# [DIRECTIONS FOR THIS TASK]
Write out all the entries word for word and omit any pictures.

# [EXCERPTED DATA]

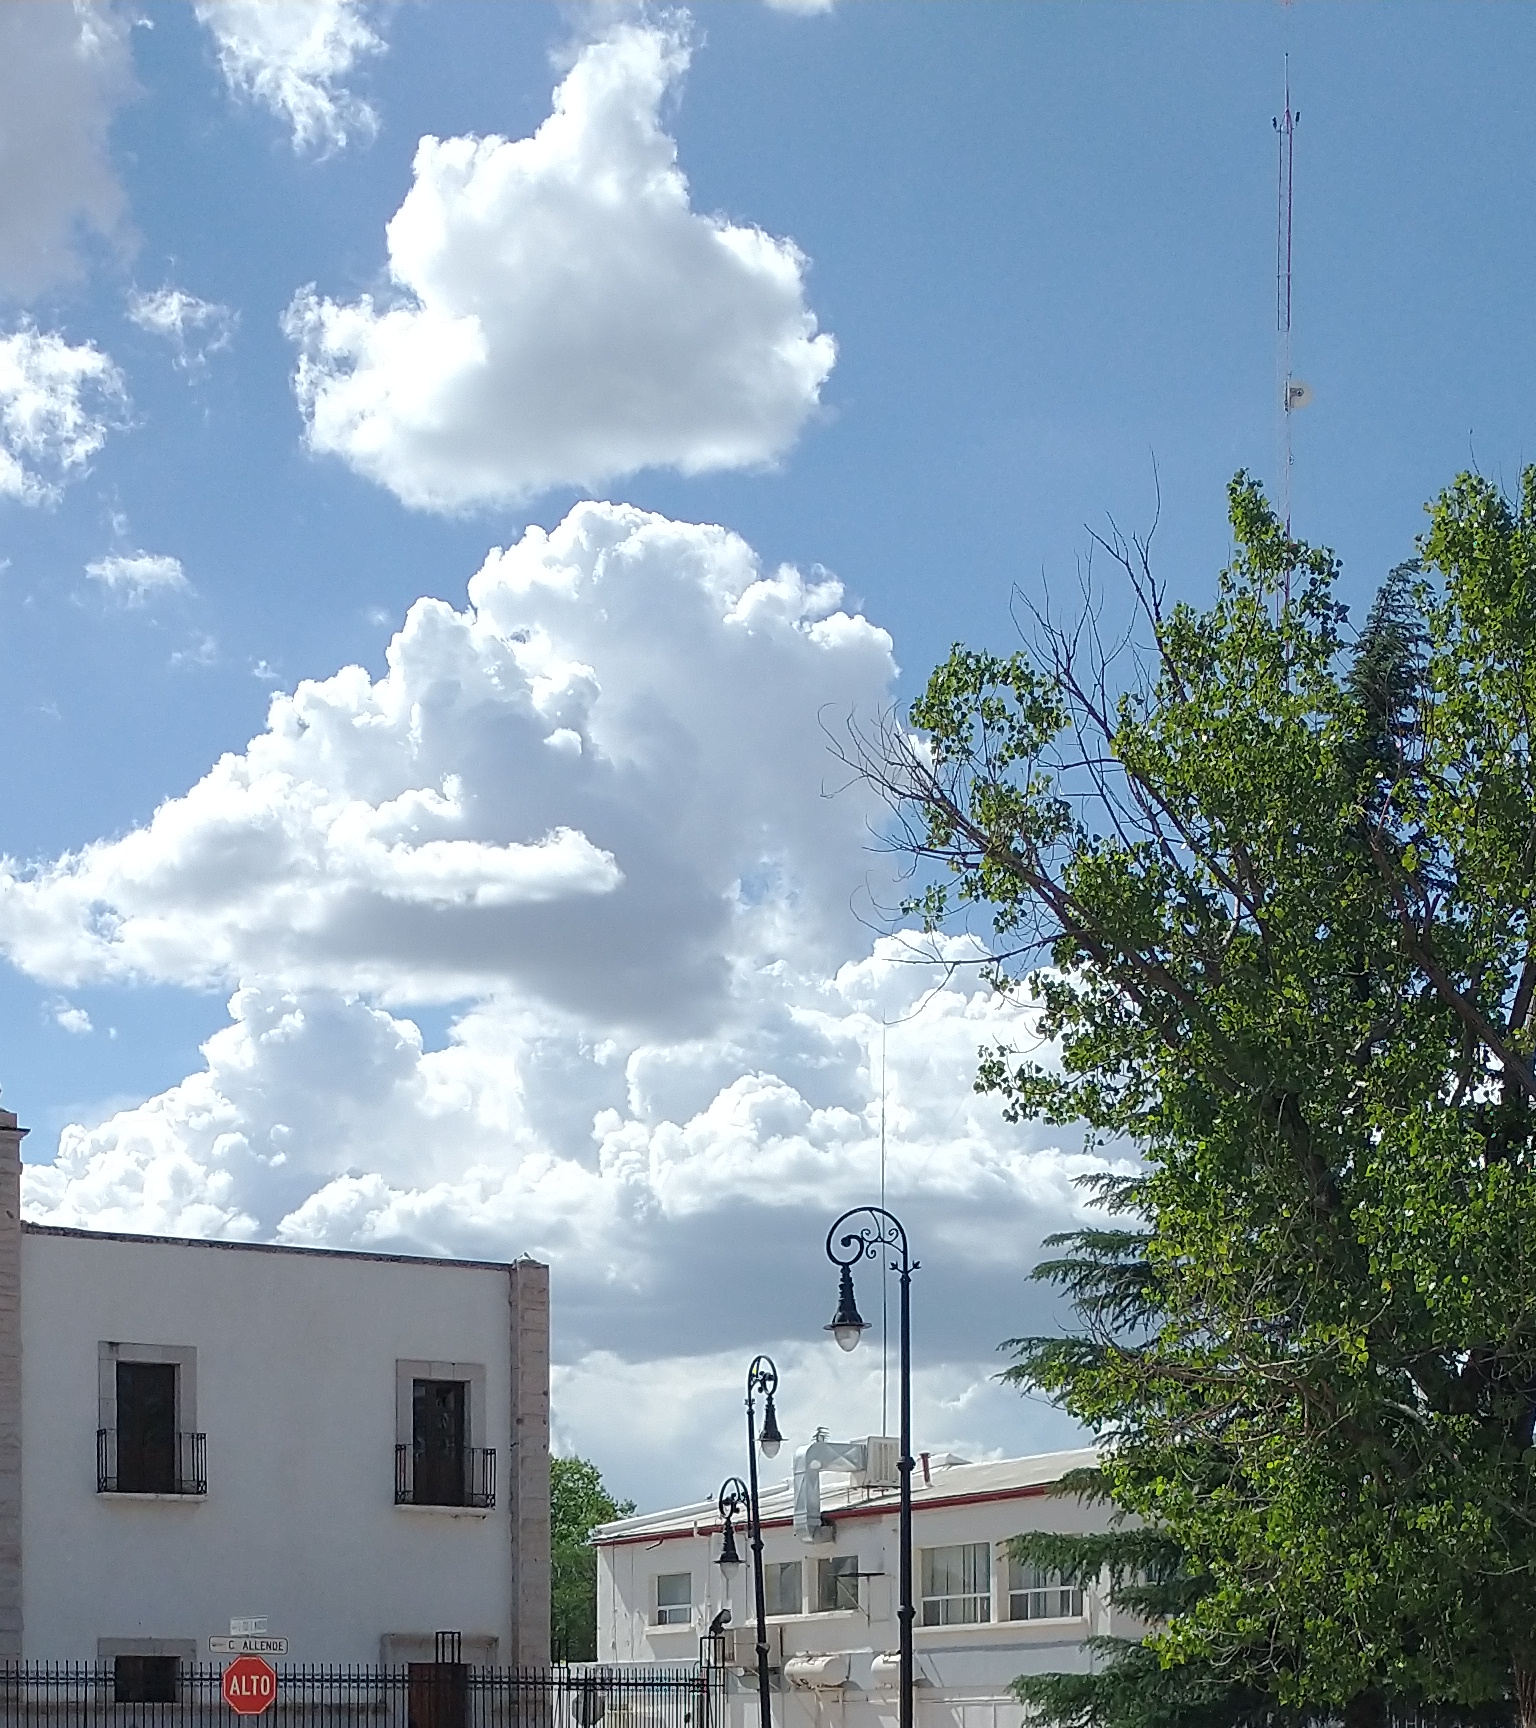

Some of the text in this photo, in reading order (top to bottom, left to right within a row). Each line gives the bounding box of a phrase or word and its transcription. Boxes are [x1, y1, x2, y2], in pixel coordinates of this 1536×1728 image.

[228, 1640, 284, 1651] C ALLENDE
[229, 1674, 271, 1697] ALTO
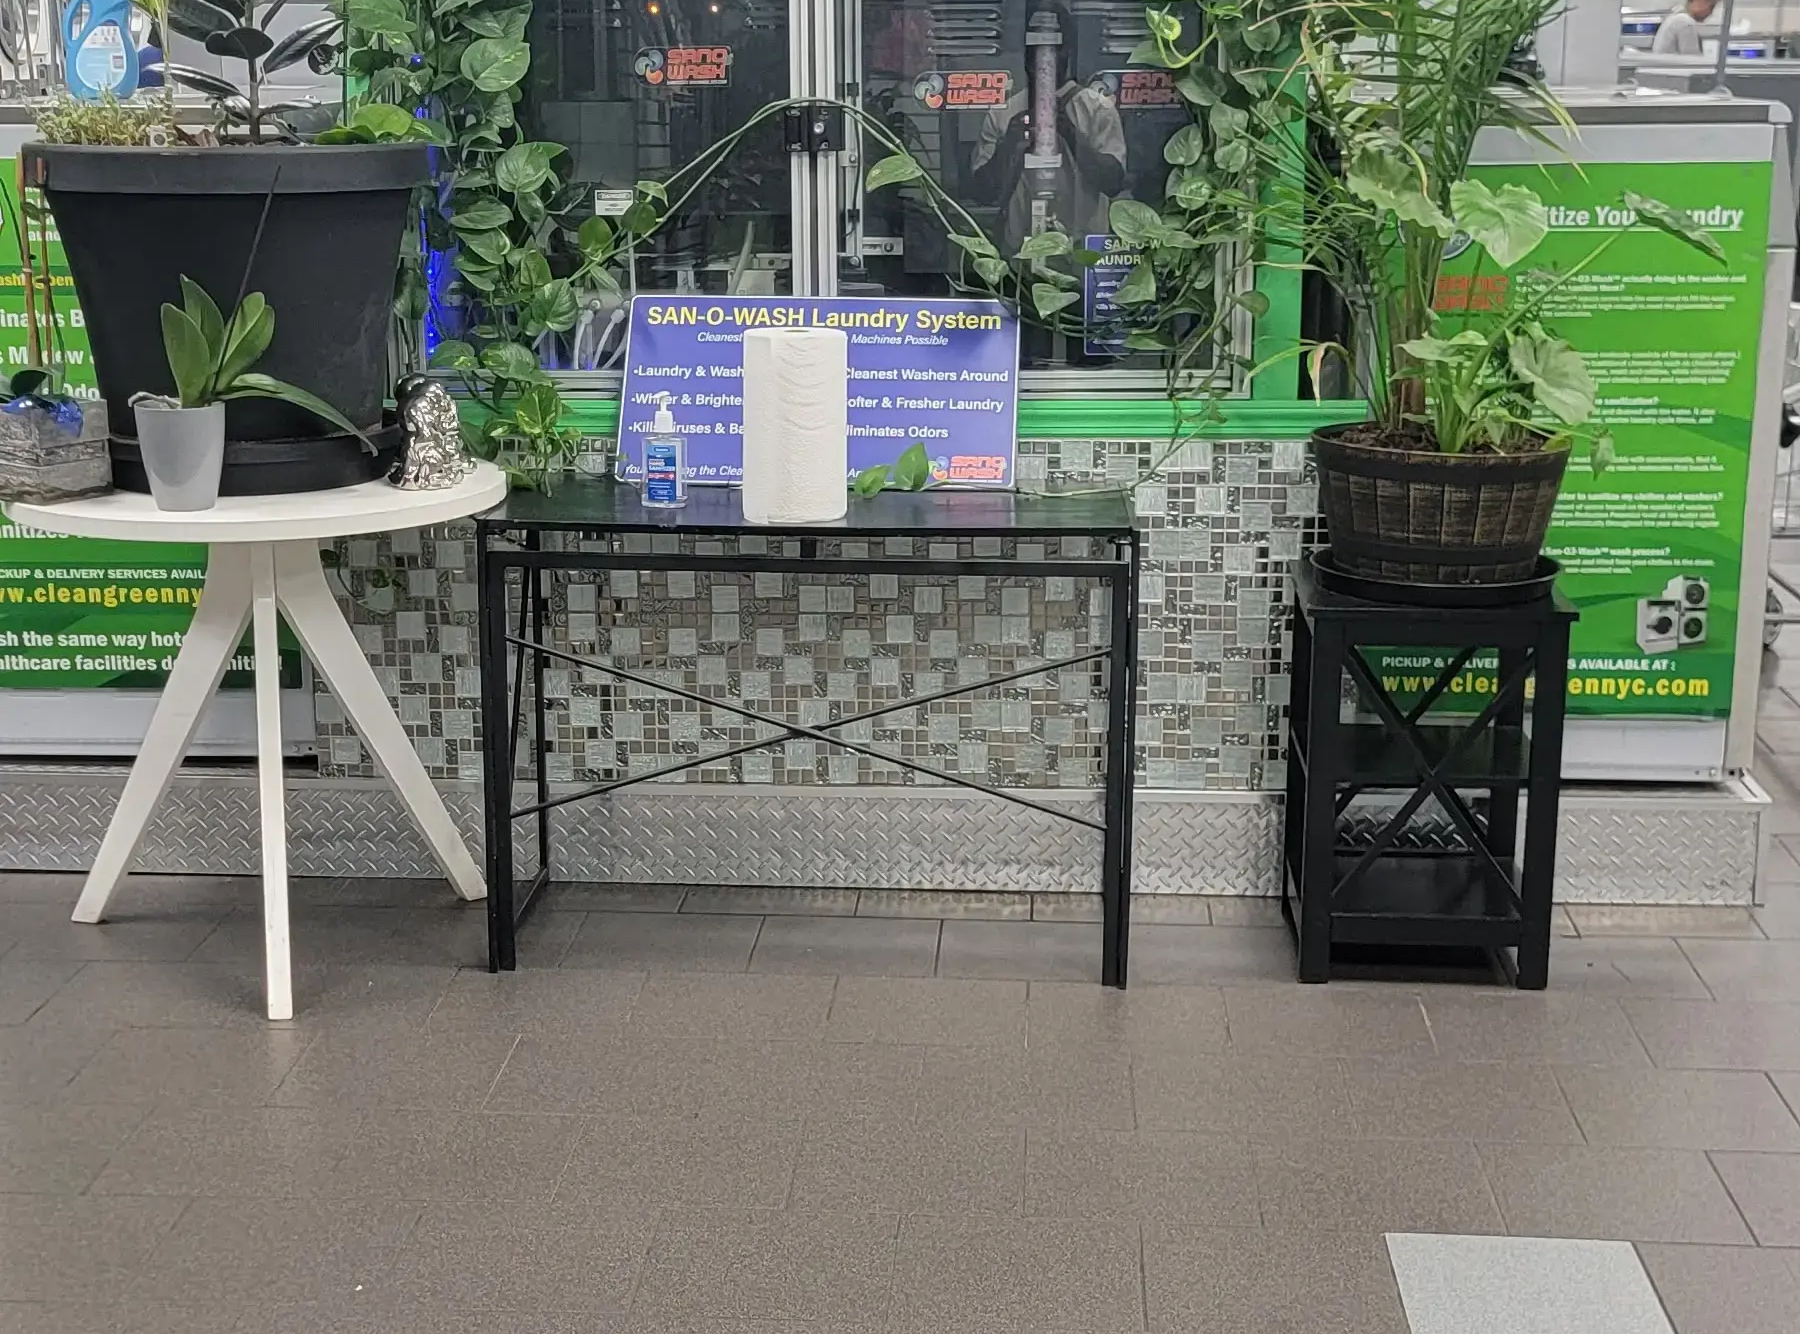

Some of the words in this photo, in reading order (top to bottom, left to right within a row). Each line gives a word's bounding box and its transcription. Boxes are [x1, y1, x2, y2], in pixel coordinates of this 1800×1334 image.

[668, 49, 727, 63] SANO
[667, 65, 726, 79] WASH
[947, 73, 1007, 88] SANO
[947, 89, 1005, 103] WASH
[1595, 205, 1638, 226] You
[1692, 205, 1744, 230] ndry
[647, 306, 804, 326] SAN-O-WASH
[813, 308, 910, 333] Laundry
[916, 310, 1001, 334] System
[697, 331, 743, 343] Cleanest
[851, 334, 902, 345] Machines
[905, 334, 949, 346] Possible
[638, 365, 692, 379] Laundry
[695, 366, 706, 377] &
[845, 367, 897, 380] Cleanest
[902, 369, 957, 381] Washers
[960, 369, 1009, 382] Around
[681, 393, 692, 405] &
[696, 394, 744, 408] Brighte
[847, 396, 878, 408] ofter
[881, 397, 892, 408] &
[896, 397, 946, 410] Fresher
[949, 398, 1004, 413] Laundry
[673, 423, 711, 434] iruses
[714, 423, 725, 434] &
[846, 425, 905, 438] liminates
[908, 426, 949, 438] Odors
[699, 466, 717, 475] the
[719, 465, 744, 476] Clea
[0, 569, 31, 579] CKUP
[34, 569, 45, 579] &
[47, 569, 105, 579] DELIVERY
[108, 569, 167, 579] SERVICES
[171, 569, 206, 579] AVAIL
[0, 631, 18, 647] sh
[22, 631, 53, 647] the
[57, 634, 108, 647] same
[111, 634, 149, 650] way
[74, 655, 158, 671] facilities
[1382, 656, 1430, 668] PICKUP
[1433, 657, 1445, 668] &
[1579, 658, 1650, 671] AVAILABLE
[1652, 659, 1668, 671] AT

# [ANSWER AREA]
Some of the text in this photo, in reading order (top to bottom, left to right within a row). Each line gives the bounding box of a phrase or word and its transcription. Boxes are [x1, y1, x2, y2], in pixel coordinates of this 1536×1728 image.

[228, 1640, 284, 1651] C ALLENDE
[229, 1674, 271, 1697] ALTO

Some of the words in this photo, in reading order (top to bottom, left to right within a row). Each line gives a word's bounding box and its transcription. Boxes are [x1, y1, x2, y2], in pixel coordinates of this 1800×1334 image.

[668, 49, 727, 63] SANO
[667, 65, 726, 79] WASH
[947, 73, 1007, 88] SANO
[947, 89, 1005, 103] WASH
[1595, 205, 1638, 226] You
[1692, 205, 1744, 230] ndry
[647, 306, 804, 326] SAN-O-WASH
[813, 308, 910, 333] Laundry
[916, 310, 1001, 334] System
[697, 331, 743, 343] Cleanest
[851, 334, 902, 345] Machines
[905, 334, 949, 346] Possible
[638, 365, 692, 379] Laundry
[695, 366, 706, 377] &
[845, 367, 897, 380] Cleanest
[902, 369, 957, 381] Washers
[960, 369, 1009, 382] Around
[681, 393, 692, 405] &
[696, 394, 744, 408] Brighte
[847, 396, 878, 408] ofter
[881, 397, 892, 408] &
[896, 397, 946, 410] Fresher
[949, 398, 1004, 413] Laundry
[673, 423, 711, 434] iruses
[714, 423, 725, 434] &
[846, 425, 905, 438] liminates
[908, 426, 949, 438] Odors
[699, 466, 717, 475] the
[719, 465, 744, 476] Clea
[0, 569, 31, 579] CKUP
[34, 569, 45, 579] &
[47, 569, 105, 579] DELIVERY
[108, 569, 167, 579] SERVICES
[171, 569, 206, 579] AVAIL
[0, 631, 18, 647] sh
[22, 631, 53, 647] the
[57, 634, 108, 647] same
[111, 634, 149, 650] way
[74, 655, 158, 671] facilities
[1382, 656, 1430, 668] PICKUP
[1433, 657, 1445, 668] &
[1579, 658, 1650, 671] AVAILABLE
[1652, 659, 1668, 671] AT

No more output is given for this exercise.